Broken ones. Jesus came to fix the Broken Ones. And even if we have not been, say, persecuted for our faith, or are victims of abuse – or even have not been persecutors or abusers ourselves – we still need mending, every one of us. We are all broken. Are there enough “menders” to embrace a broken world?
Jesus was a carpenter who mended broken bodies. And He was the Great Physician who ministered to invisible souls. Holy irony. These actions are but two of the many ways we are to “imitate” Christ. When it is done for the sake of Christ, with His message as part of the caring, we make a gift of the best present anyone can receive. This should be the ultimate motivation for loving each other.
Tend to the broken ones. In life’s home movies, we find ourselves, gratefully, taking direction from God. To become “stars” – but stars in His crown, alongside our fellow once-brokens and patched-up neighbors.
+ + +
The “theme” for this message, its inspiration, is the great song “The Broken Ones,” by the Talley Trio. In it (and the music video by James and Angela Rowe) we follow a little girl who, indeed, found a tattered Raggedy Ann doll and cared for it despite its missing arm and dangling button-eye. Fast forward to the girl as a shelter caregiver, tending to a 17-year-old hopeless girl, a battered addict. Caring for Broken Ones is to follow the Perfect One.
This week my little (one pound, 11-ounce) granddaughter Sarah, born at 24 weeks, teeters between life and death. Her life is fragile enough, but a day after being born she suffered lung and brain hemorrhages. God is in control, and His mercy prevails. In the NICU, hour by hour, however, His hands ARE the doctors and nurses, caring for the Broken Ones.
Click: The Broken Ones
Sweet tribute, Rick. I hope you get to share this video with the medical team that’s caring for Sarah. So heart touching. We’re surrounding her with prayers!

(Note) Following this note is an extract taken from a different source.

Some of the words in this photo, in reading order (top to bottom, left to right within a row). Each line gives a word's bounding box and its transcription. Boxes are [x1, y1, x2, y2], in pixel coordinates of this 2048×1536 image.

Still praying the prayer that never fails for little Sarah and all who love her.
Praying for Sarah and your family. LOVED the Christmas memory! One year my husband forgot to charge the battery and the kids had to wait upstairs until it charged. Ergh. But who can get impatient on Christmas, right?

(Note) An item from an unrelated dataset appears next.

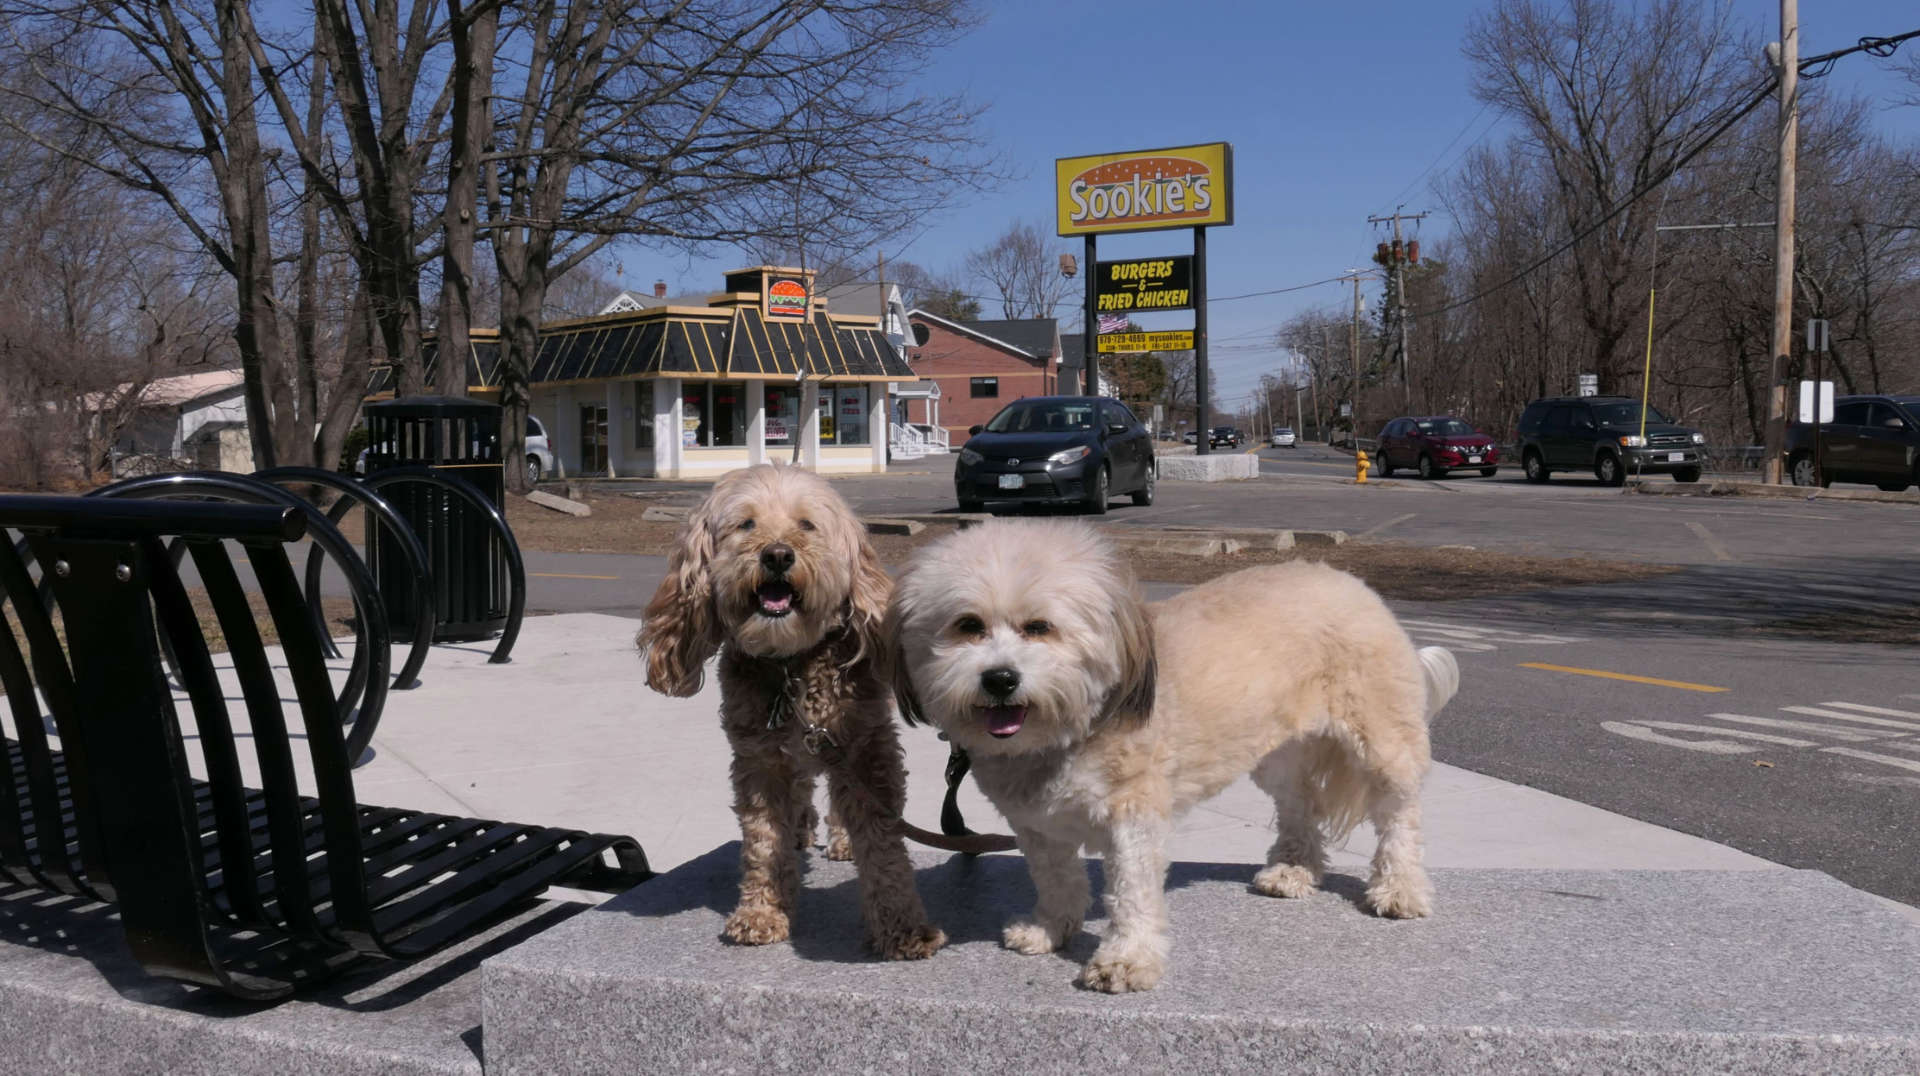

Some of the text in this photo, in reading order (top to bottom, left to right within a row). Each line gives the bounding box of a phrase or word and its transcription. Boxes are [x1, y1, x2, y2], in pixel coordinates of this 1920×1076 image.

[1070, 172, 1210, 221] Sookie's
[1111, 260, 1174, 281] BURGERS
[1138, 279, 1147, 291] &
[1098, 289, 1189, 310] FRIED CHICKEN

One year we bought our 2nd daughter an English pram from an antique store. Inside was a tattered doll whose head fell off constantly. We stuck that doll in a closet and bought a new doll to go with the gift. On Christmas morning, our older daughter (7) looked in the closet for something and found the old doll. She squealed with delight and said, “Santa left me a special baby to care for!” She loved that doll for years (even though her ornery brother and sister occasionally played catch with the doll’s head just to irritate their older sister). My older daughter is not a nurse but a CPA. But she definitely has a tender heart for the hurting!
Thanks for sharing, Rick. You’ve motivated me again to open my eyes and heart for opportunities to minister.
Great story. And thanks. You have a gift for the Happy Ending. (But CPAs DO meet a lot of hurting souls…)
I am praying for sweet Sarah. My husband, John, recently received a link to home movies online compiled by his cousin. John’s uncle Leo was the first one in the family to purchase a movie camera. His favorite “trick” was to start every new scene with the film subject(s) rounding a corner of grandma and grandpa’s house, smiling broadly and stopping to admire the roses along the side of the house, if in bloom. In two hours we must have watched family rounding that corner 40 times. Traditions… where would we be without them?